TASK OBJECTIVE: Every word of the data must be reproduced in your reply exactly.

INPUT:
────

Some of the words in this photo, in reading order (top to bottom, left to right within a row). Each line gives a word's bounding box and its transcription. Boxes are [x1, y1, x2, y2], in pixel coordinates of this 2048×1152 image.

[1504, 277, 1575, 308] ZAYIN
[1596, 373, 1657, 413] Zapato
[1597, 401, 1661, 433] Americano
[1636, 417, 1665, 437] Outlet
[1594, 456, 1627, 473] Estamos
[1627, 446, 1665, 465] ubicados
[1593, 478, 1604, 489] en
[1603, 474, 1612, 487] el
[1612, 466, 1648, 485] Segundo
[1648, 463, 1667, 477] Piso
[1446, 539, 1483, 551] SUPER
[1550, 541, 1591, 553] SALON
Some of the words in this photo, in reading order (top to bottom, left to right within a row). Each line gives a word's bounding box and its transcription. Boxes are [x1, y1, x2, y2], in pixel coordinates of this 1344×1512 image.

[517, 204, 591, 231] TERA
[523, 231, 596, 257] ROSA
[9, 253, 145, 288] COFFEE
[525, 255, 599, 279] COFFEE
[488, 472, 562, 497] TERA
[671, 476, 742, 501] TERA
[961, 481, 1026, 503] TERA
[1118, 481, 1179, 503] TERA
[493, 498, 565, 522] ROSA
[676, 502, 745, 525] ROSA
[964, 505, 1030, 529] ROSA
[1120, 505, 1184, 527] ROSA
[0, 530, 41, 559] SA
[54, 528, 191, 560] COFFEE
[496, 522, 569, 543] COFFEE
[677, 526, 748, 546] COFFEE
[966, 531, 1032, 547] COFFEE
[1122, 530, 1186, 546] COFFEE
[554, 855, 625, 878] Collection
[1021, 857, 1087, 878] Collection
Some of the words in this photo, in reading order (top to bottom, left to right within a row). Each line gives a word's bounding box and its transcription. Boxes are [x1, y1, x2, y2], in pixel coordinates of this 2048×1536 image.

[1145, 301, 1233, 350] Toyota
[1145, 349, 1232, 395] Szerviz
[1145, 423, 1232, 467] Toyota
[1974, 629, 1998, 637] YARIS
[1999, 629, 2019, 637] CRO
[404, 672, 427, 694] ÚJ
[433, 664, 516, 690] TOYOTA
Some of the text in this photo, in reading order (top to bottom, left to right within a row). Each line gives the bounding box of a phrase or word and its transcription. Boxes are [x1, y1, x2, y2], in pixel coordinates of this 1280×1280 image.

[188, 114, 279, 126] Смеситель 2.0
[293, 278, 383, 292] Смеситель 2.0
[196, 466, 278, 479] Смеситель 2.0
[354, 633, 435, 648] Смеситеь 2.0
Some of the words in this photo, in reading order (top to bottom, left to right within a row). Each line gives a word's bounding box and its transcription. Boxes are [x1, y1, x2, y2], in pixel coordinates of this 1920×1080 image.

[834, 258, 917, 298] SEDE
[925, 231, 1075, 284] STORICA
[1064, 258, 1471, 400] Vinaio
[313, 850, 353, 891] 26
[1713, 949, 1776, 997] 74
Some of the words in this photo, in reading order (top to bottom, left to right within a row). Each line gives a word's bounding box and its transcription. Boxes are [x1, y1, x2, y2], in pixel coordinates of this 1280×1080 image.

────

YOUR RESPONSE:
Some of the words in this photo, in reading order (top to bottom, left to right within a row). Each line gives a word's bounding box and its transcription. Boxes are [x1, y1, x2, y2], in pixel coordinates of this 2048×1152 image.

[1504, 277, 1575, 308] ZAYIN
[1596, 373, 1657, 413] Zapato
[1597, 401, 1661, 433] Americano
[1636, 417, 1665, 437] Outlet
[1594, 456, 1627, 473] Estamos
[1627, 446, 1665, 465] ubicados
[1593, 478, 1604, 489] en
[1603, 474, 1612, 487] el
[1612, 466, 1648, 485] Segundo
[1648, 463, 1667, 477] Piso
[1446, 539, 1483, 551] SUPER
[1550, 541, 1591, 553] SALON
Some of the words in this photo, in reading order (top to bottom, left to right within a row). Each line gives a word's bounding box and its transcription. Boxes are [x1, y1, x2, y2], in pixel coordinates of this 1344×1512 image.

[517, 204, 591, 231] TERA
[523, 231, 596, 257] ROSA
[9, 253, 145, 288] COFFEE
[525, 255, 599, 279] COFFEE
[488, 472, 562, 497] TERA
[671, 476, 742, 501] TERA
[961, 481, 1026, 503] TERA
[1118, 481, 1179, 503] TERA
[493, 498, 565, 522] ROSA
[676, 502, 745, 525] ROSA
[964, 505, 1030, 529] ROSA
[1120, 505, 1184, 527] ROSA
[0, 530, 41, 559] SA
[54, 528, 191, 560] COFFEE
[496, 522, 569, 543] COFFEE
[677, 526, 748, 546] COFFEE
[966, 531, 1032, 547] COFFEE
[1122, 530, 1186, 546] COFFEE
[554, 855, 625, 878] Collection
[1021, 857, 1087, 878] Collection
Some of the words in this photo, in reading order (top to bottom, left to right within a row). Each line gives a word's bounding box and its transcription. Boxes are [x1, y1, x2, y2], in pixel coordinates of this 2048×1536 image.

[1145, 301, 1233, 350] Toyota
[1145, 349, 1232, 395] Szerviz
[1145, 423, 1232, 467] Toyota
[1974, 629, 1998, 637] YARIS
[1999, 629, 2019, 637] CRO
[404, 672, 427, 694] ÚJ
[433, 664, 516, 690] TOYOTA
Some of the text in this photo, in reading order (top to bottom, left to right within a row). Each line gives the bounding box of a phrase or word and its transcription. Boxes are [x1, y1, x2, y2], in pixel coordinates of this 1280×1280 image.

[188, 114, 279, 126] Смеситель 2.0
[293, 278, 383, 292] Смеситель 2.0
[196, 466, 278, 479] Смеситель 2.0
[354, 633, 435, 648] Смеситеь 2.0
Some of the words in this photo, in reading order (top to bottom, left to right within a row). Each line gives a word's bounding box and its transcription. Boxes are [x1, y1, x2, y2], in pixel coordinates of this 1920×1080 image.

[834, 258, 917, 298] SEDE
[925, 231, 1075, 284] STORICA
[1064, 258, 1471, 400] Vinaio
[313, 850, 353, 891] 26
[1713, 949, 1776, 997] 74
Some of the words in this photo, in reading order (top to bottom, left to right within a row). Each line gives a word's bounding box and its transcription. Boxes are [x1, y1, x2, y2], in pixel coordinates of this 1280×1080 image.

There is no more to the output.